The first thing he says to her is, “I know where the stronger stuff is,” and she sets her glass down and curiously follows him.
She’s known him all of fifteen seconds, but she has no hesitation following a stranger up a dark staircase. He doesn’t feel like a stranger.
“Abby,” she says, an hour and a half and a lot of whiskey and secrets later.
“Hmm?” he asks, turning to her.
“My name,” she says, grabbing the bottle back from him and pressing it to her lips. It burns. She swallows. “I know how why you ran away from home at fifteen and I know how your mother died, but I don’t know your name.”
He pauses, struck by that. He nods. “Marcus.”
She smiles.
There’s something about him that sets her on fire. She wants to follow him home, pick his brain for hours, and just sit and coexist in his space. She wants his attention, his body, wants to be his.
But she is already someone else’s.
He doesn’t ask if she’s married.
(She is.)
She doesn’t ask if he’s been in a relationship for the past eight years.
(He has.)
At some point, the whiskey is nearly gone and they’ve forgotten about the party they’re supposed to be at.
“We should probably get back down before someone realizes we’re missing,” he says.
“You don’t want to,” she says.
He shakes his head, cracking a smile. “Not really."
“Good.”
They don’t go back.
When she met Jake, there was a spark. He was charming, and she could easily spend the rest of her life with him.
With Marcus, it’s a wildfire. An all-consuming, completely uncontained wildfire. She doesn’t know how to spend the rest of her life without him.
“I want to kiss you,” she says bluntly through a whiskey-induced haze. “But I shouldn’t.”
“I won’t stop you.”
She goes in to kiss him, her lips touch hers, but she jerks away after contact.
“’s not right,” she says.
“Everything about it is right,” he counters.

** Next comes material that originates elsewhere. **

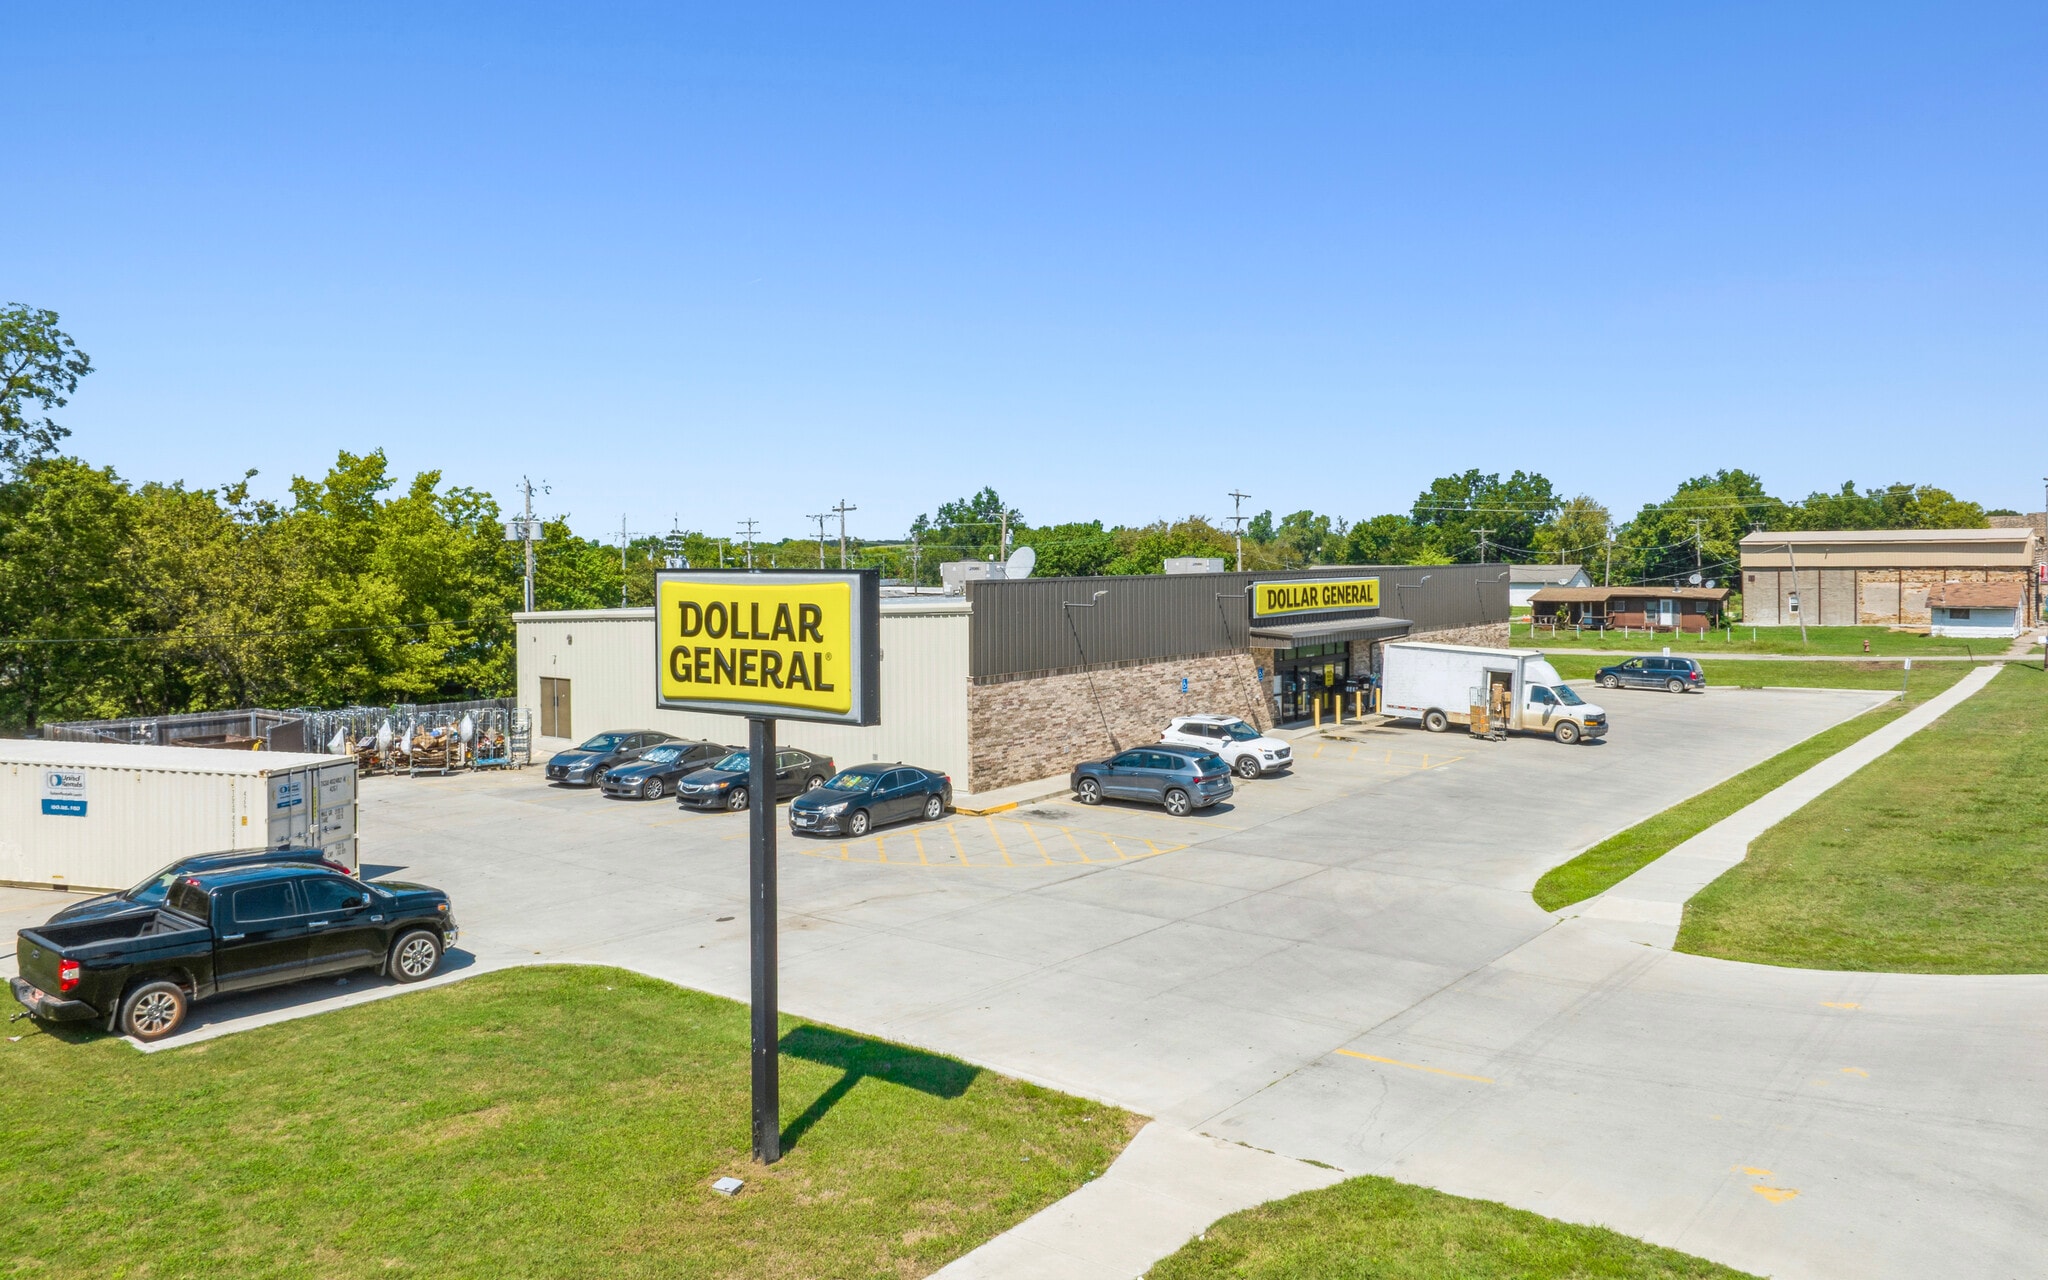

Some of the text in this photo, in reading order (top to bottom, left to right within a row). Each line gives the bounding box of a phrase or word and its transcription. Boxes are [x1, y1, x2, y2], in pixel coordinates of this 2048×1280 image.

[1267, 584, 1373, 609] DOLLAR GENERAL
[679, 601, 824, 643] DOLLAR

“I have a family. I can’t have a family and have you.”
He cups her cheek with his hand, stroking her cheek. “I can’t give you me, either,” he says sadly. “I have an engagement ring in my sock drawer at home and dinner reservations for next weekend.”

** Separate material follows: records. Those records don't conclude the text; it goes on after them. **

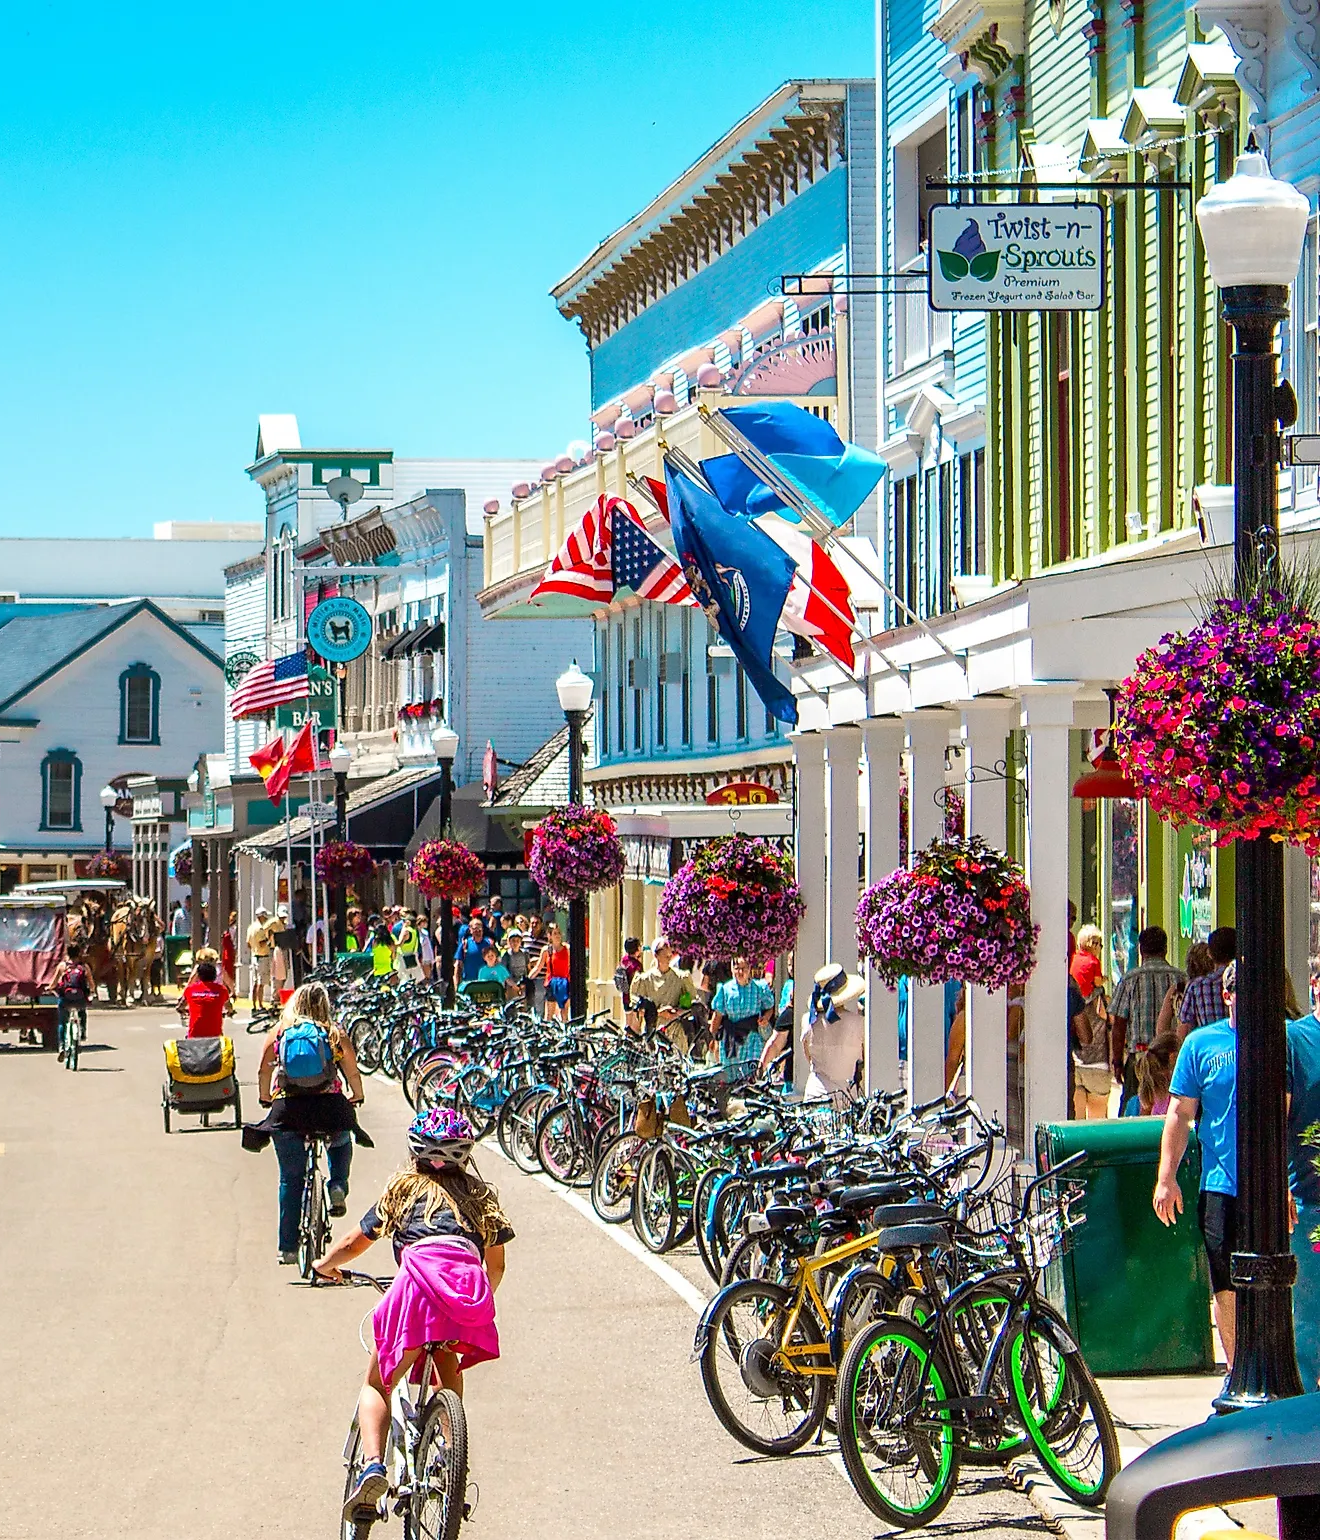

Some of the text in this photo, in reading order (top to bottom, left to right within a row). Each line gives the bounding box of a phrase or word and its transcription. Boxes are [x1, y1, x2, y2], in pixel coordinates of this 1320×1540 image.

[987, 212, 1051, 240] Twist
[1003, 275, 1060, 288] Premium
[951, 291, 986, 301] Frozen
[1025, 291, 1042, 301] and
[1044, 290, 1074, 301] Salad
[1076, 291, 1095, 301] Bar
[227, 652, 259, 671] STARBUC
[308, 681, 333, 696] N'S
[292, 711, 322, 727] BAR

She nods, agreeing with him.
They pass the whiskey bottle between them, sipping until the bottle is completely empty, until she breaks the silence. “It’s right and it’s wrong,” she says, “but maybe it’s more right… than wrong,” she starts. “Is there a way to…like, measure the rightness and wrongness of this? Maybe… maybe one outweighs the other, and maybe—"

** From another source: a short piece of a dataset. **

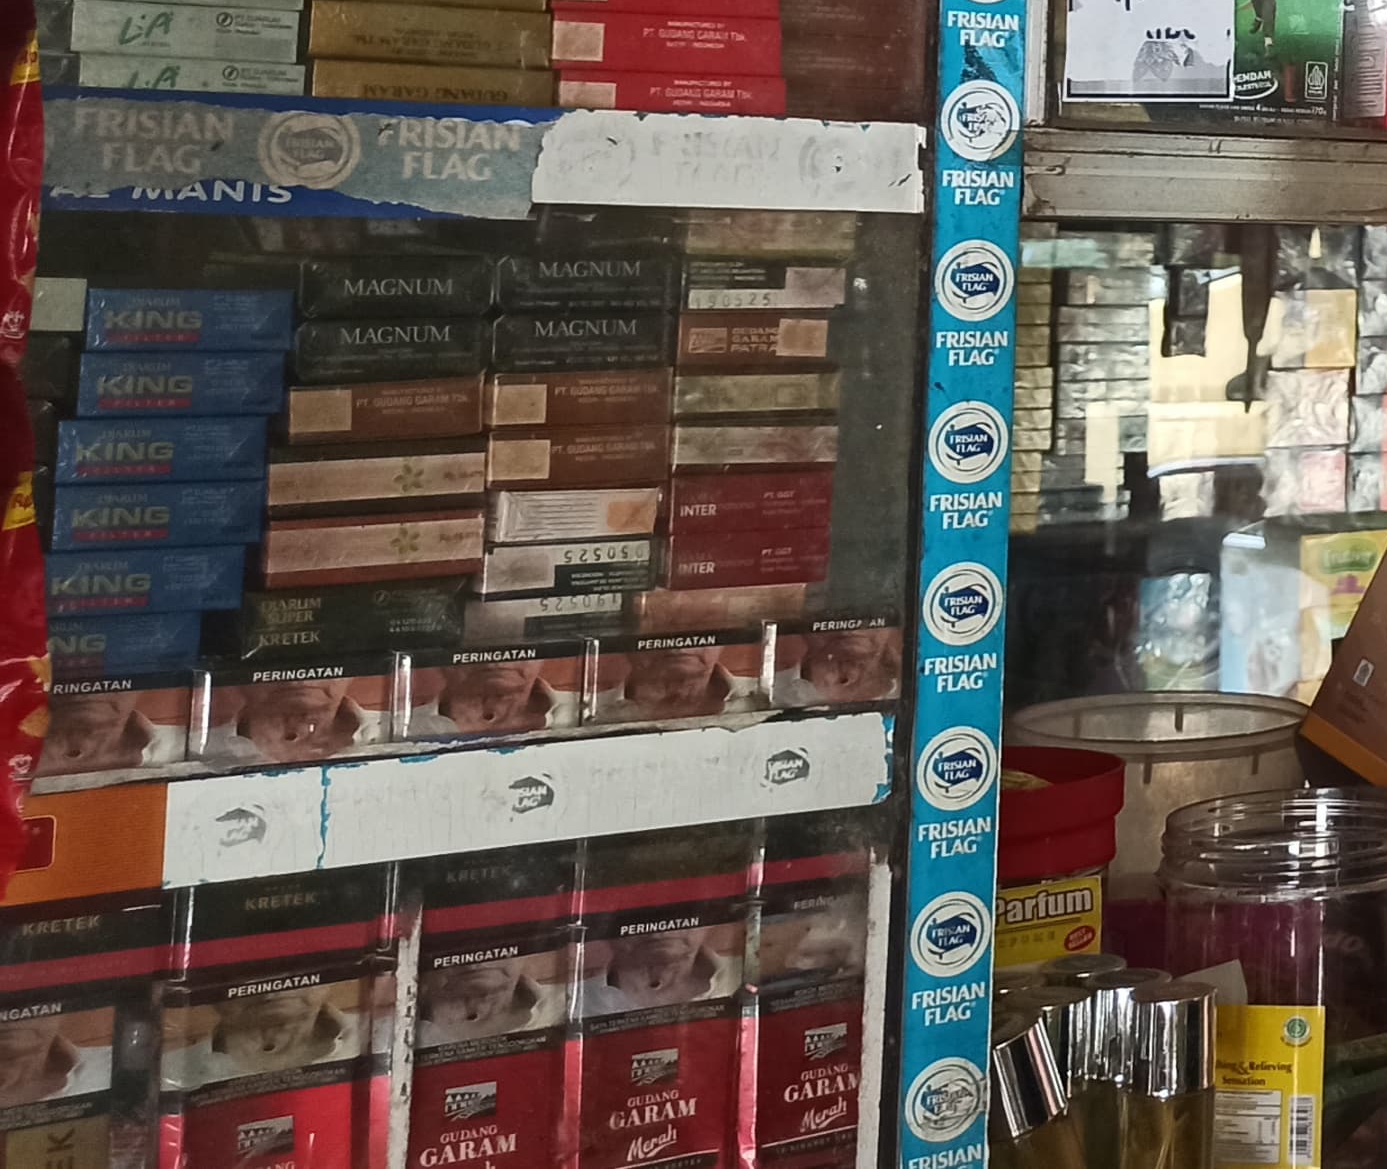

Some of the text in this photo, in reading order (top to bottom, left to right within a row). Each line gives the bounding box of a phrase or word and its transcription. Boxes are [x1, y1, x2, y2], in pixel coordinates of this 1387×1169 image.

He kisses her, silencing her drunken ramble. She kisses him back.
“I could marry you,” he says, fingers entwined with hers.
“Someone already did,” she whispers.
At this point, she doesn’t know if it’s his or her heart breaking that she feels, but all she knows is that someone is breaking.
Or maybe they’re both breaking.
There’s a garden outside, and they sneak past everyone downstairs. She links his arm with his as he helps her into a sitting position on the grass.
“You’re going to fuck up your dress,” he frowns down at her.
“You’ve already kinda fucked up my life, a dress doesn’t really matter,” she says darkly.
He can’t even force a chuckle out at that, because it’s too real. He sinks down next to her, and she leans her head on his shoulder. “I feel it too.”
The sun starts to rise a few hours later, they sober up, everyone has gone home, but they’re still in the garden.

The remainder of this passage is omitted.